The US Food and Drug Administration last Thursday approved the JYNNEOS vaccine for administration between layers of skin, a procedure known as an intradermal injection. Previously, the vaccination was administered through a subcutaneous injection beneath the skin. According to officials, the intradermal approach takes around one-fifth the amount of vaccination required by the subcutaneous injection.
The modification is intended to stretch the vaccine’s limited supply across the country, allowing lower doses to be administered to more people.
The county’s formerly convoluted procedure for assessing who is eligible for a monkeypox vaccine has been streamlined. The shots are now available to any gay, bisexual, or transgender man or woman over the age of 18 who has had multiple or anonymous sex partners in the past 14 days.
Davis announced on Thursday that the county would also extend eligibility to anyone under the age of 18 who are “found to be at high risk of monkeypox infection.”
Minors must have parental or guardian permission to be vaccinated. Those aged 16 or 17 should be accompanied by a parent or guardian to a vaccination facility, if possible, otherwise they can simply produce a signed consent form.

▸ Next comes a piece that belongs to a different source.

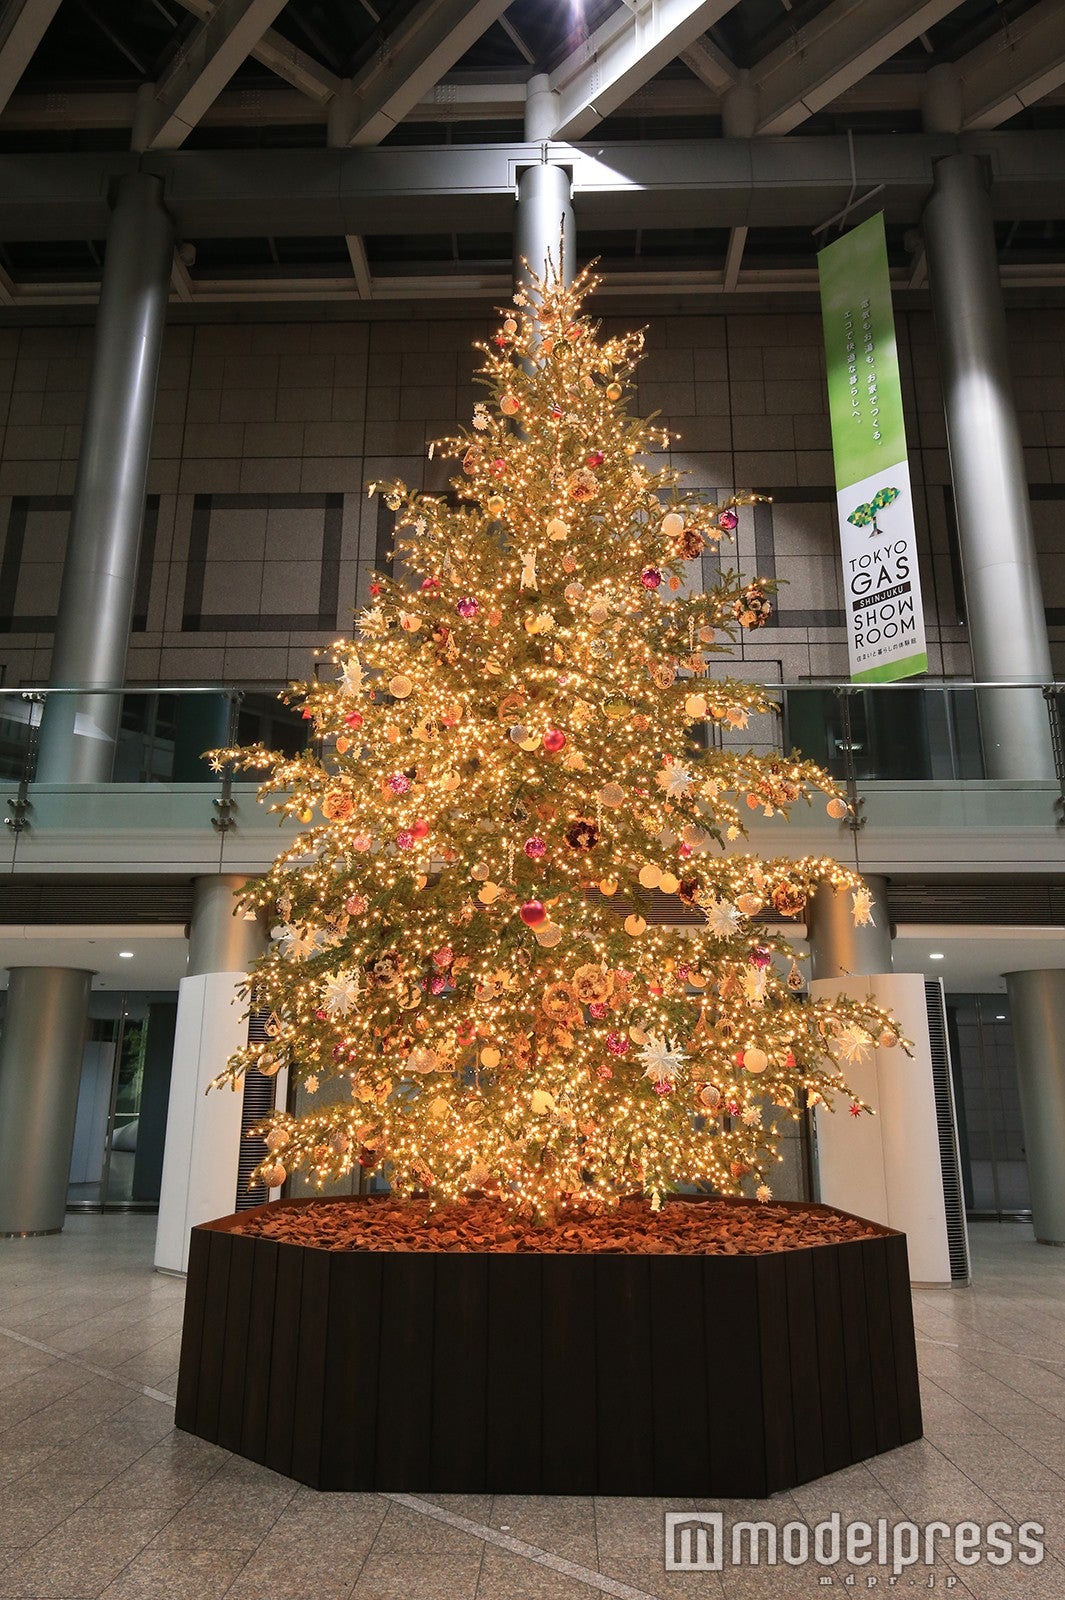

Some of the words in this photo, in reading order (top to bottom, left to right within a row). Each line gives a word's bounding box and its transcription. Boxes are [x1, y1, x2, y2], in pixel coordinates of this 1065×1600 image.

Those under the age of 16 must be accompanied by a parent or guardian, as well as a signed consent form, according to Davis.

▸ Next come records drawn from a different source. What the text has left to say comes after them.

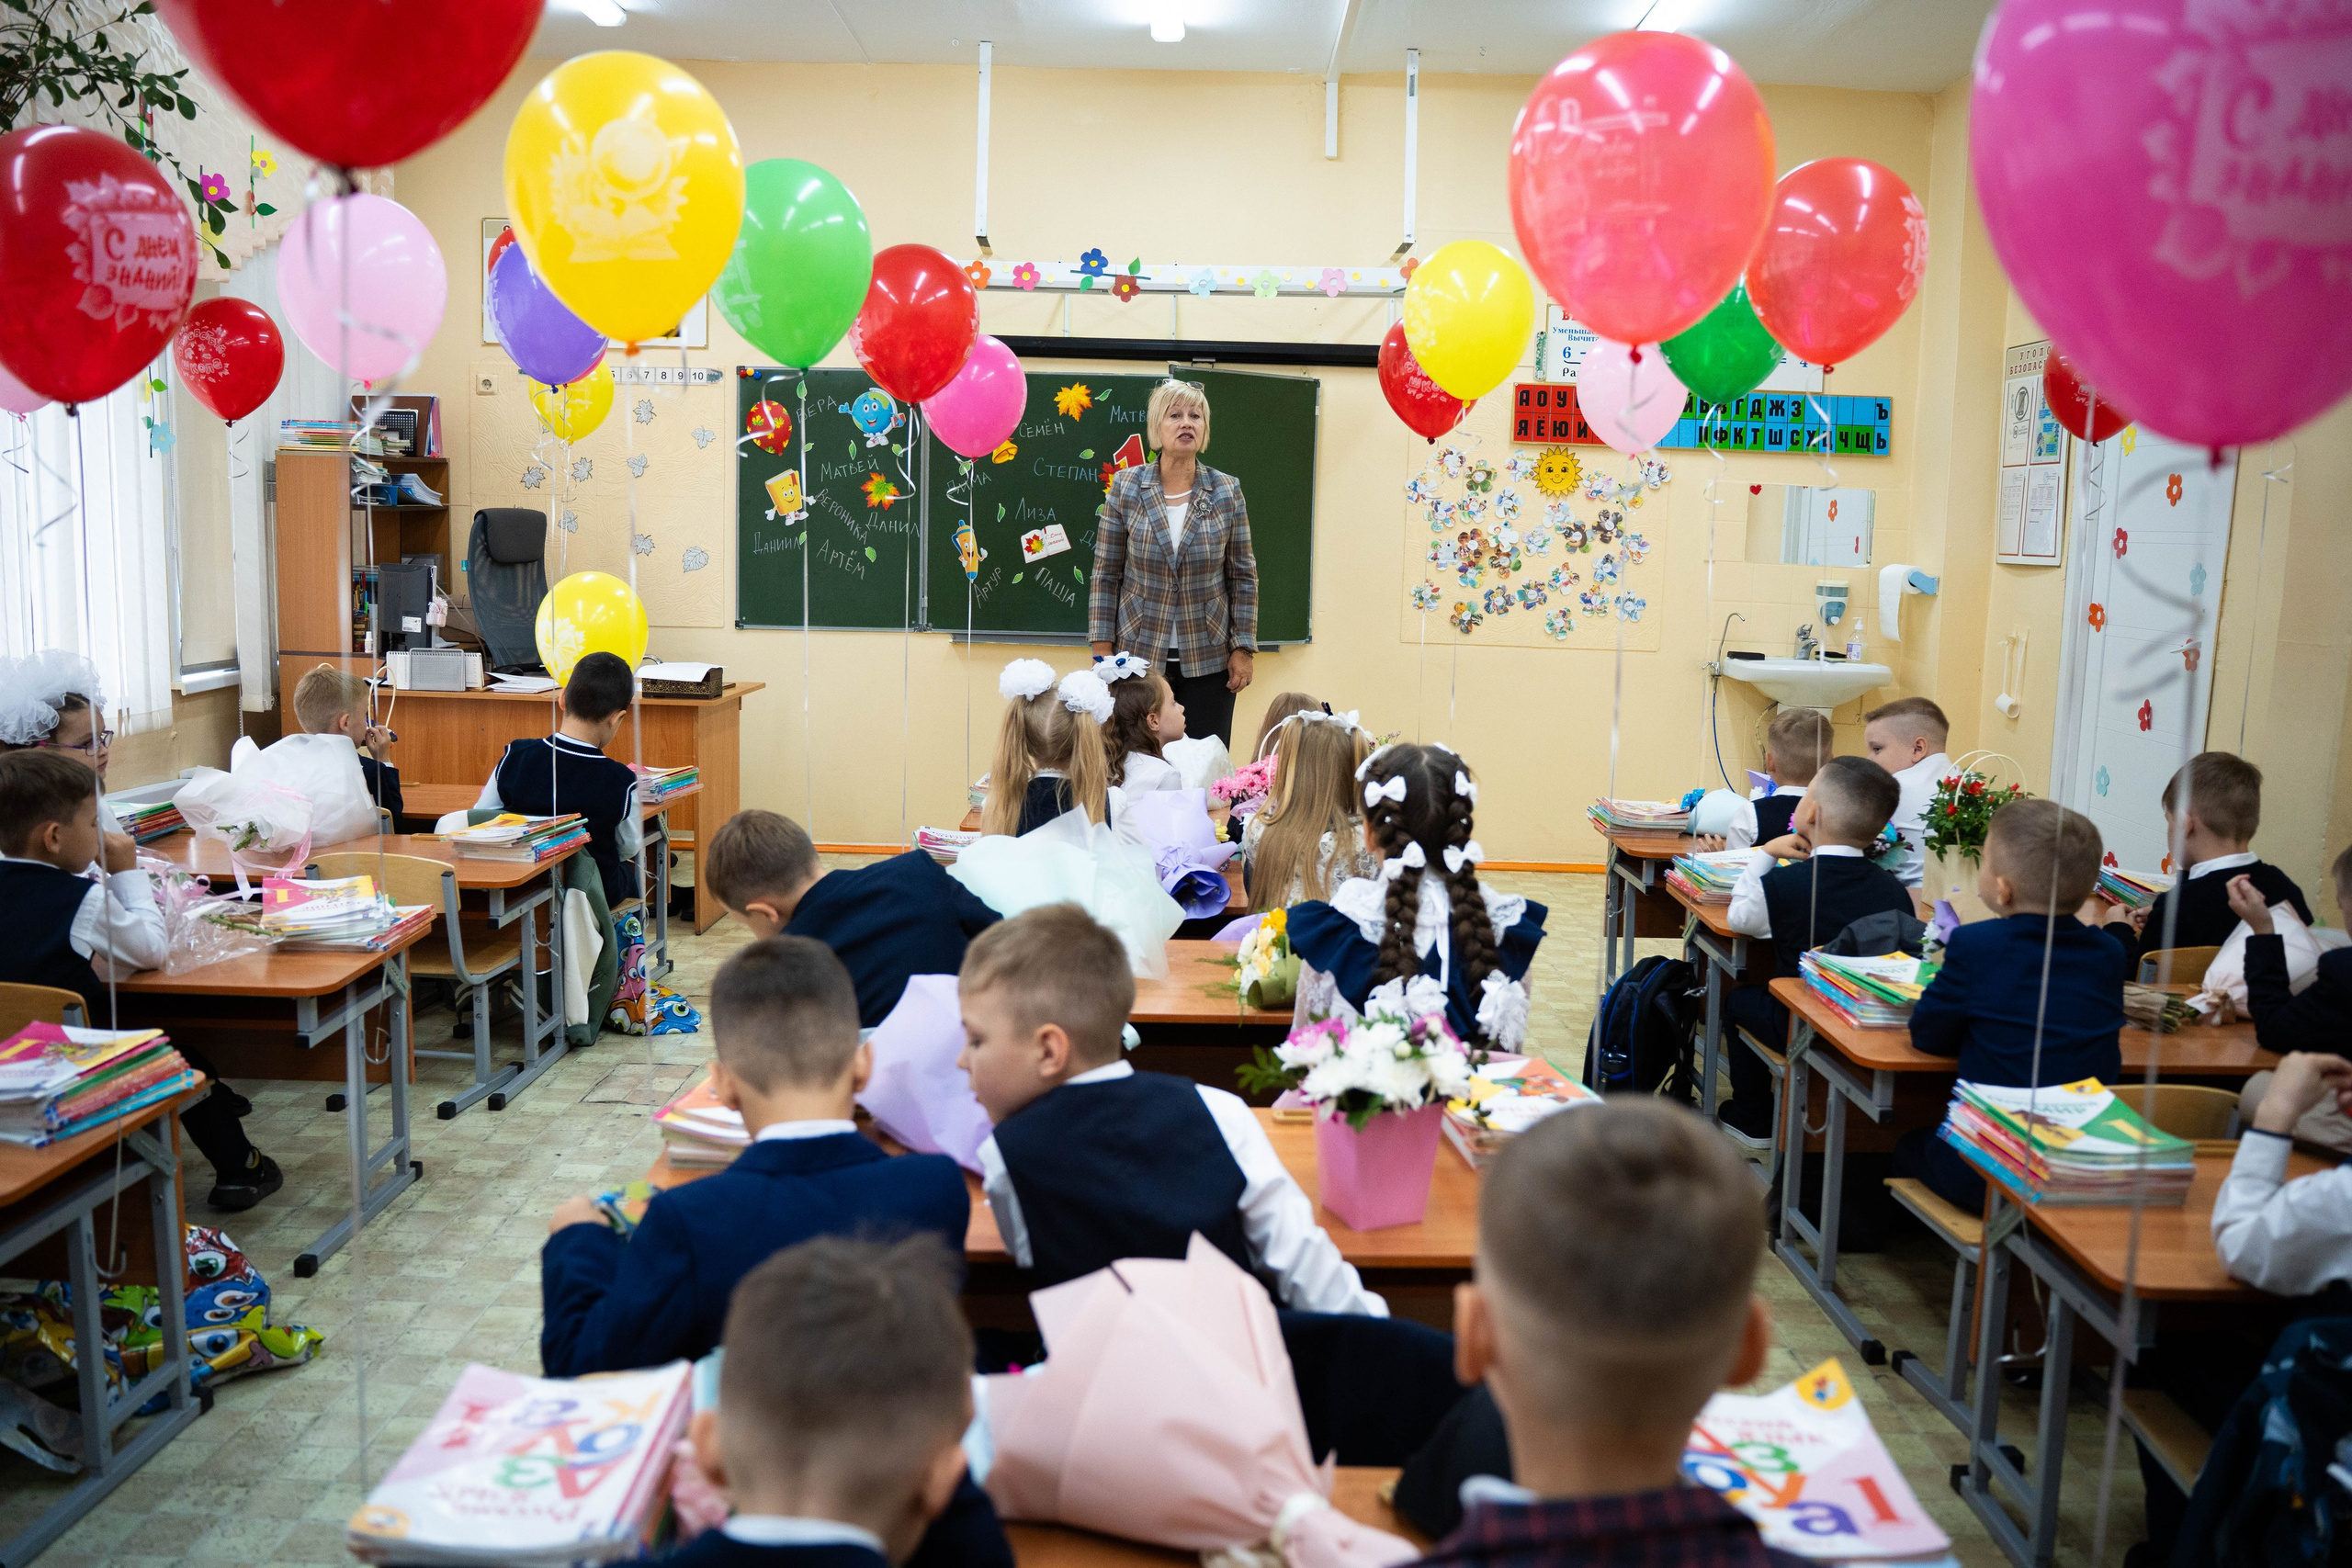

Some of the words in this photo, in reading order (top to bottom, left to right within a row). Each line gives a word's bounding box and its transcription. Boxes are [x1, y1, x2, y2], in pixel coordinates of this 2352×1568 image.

[104, 227, 126, 262] С
[1563, 346, 1572, 358] 6
[2019, 345, 2052, 361] УГОЛО
[644, 371, 650, 379] 7
[661, 371, 667, 380] 8
[677, 371, 684, 380] 9
[692, 372, 704, 380] 10
[2009, 359, 2047, 376] БЕЗОПАС
[1110, 405, 1149, 424] МАТВ
[1537, 390, 1547, 408] О
[1557, 391, 1567, 409] У
[1750, 399, 1762, 419] Д
[1769, 400, 1785, 417] Ж
[1791, 400, 1802, 418] З
[1876, 403, 1889, 421] Ъ
[1517, 419, 1529, 436] Я
[1536, 416, 1545, 437] Ё
[1553, 420, 1569, 438] Ю
[1577, 421, 1589, 439] И
[1713, 426, 1728, 444] Ф
[1734, 427, 1744, 445] К
[1751, 428, 1760, 445] Т
[1769, 428, 1782, 446] Ш
[1790, 429, 1800, 446] С
[1839, 431, 1849, 448] Ч
[1856, 432, 1871, 453] Щ
[1876, 433, 1887, 449] Ь
[1843, 1474, 1917, 1529] 1

Minors under the age of 18 are not eligible for the intradermal injection, so they must receive the full subcutaneous dosage, according to the requirements of the U.S. Food and Drug Administration’s emergency use authorisation for the shots.
People who were previously eligible under the county’s previous rules will still be able to get the vaccinations.
Previous recommendations made shots available to those who had high- or immediate-risk contact with a known monkeypox patient, as well as people who attended an event or visited a venue where there was a high risk of exposure to a confirmed case.
Shots were also made accessible to gay and bisexual males, as well as transgender people, who had just been diagnosed with rectal gonorrhea or early syphilis. Gay or bisexual men or transgender people who are on HIV pre-exposure prophylaxis, or PrEP, or who attended or worked at a commercial sex venue or other venue where they had anonymous sex or sex with multiple partners in the previous 21 days — such as a sauna, bathhouse, or sex club — are also eligible for the shots.
Residents who meet the eligibility requirements can sign up online at ph.lacounty.gov/monkeypoxsignup to be notified when a vaccination dosage becomes available.
The county had identified 1,036 confirmed or probable cases of monkeypox as of Thursday, including those in Long Beach and Pasadena, both of which have their own health departments, up from 738 the previous Thursday. Almost all of the instances involve men, the vast majority of whom are gay or bisexual.
According to the Centers for Disease Control, monkeypox is generally spread through intimate skin-to-skin contact caused by infectious rashes and scabs, but respiratory secretions and bodily fluids exchanged during extended physical episodes, such as sexual intercourse, can also lead to transmission. It can also be spread through the sharing of personal things such as bedding and towels.
Fresh pimples, blisters, rashes, fever, and weariness are all symptoms. There is no particular treatment. People who have had smallpox or have been immunized against it may be immune to monkeypox.
According to health officials, if given before or shortly after exposure to the virus, the vaccination can prevent infection.
More information can be found at ph.lacounty.gov/monkeypox.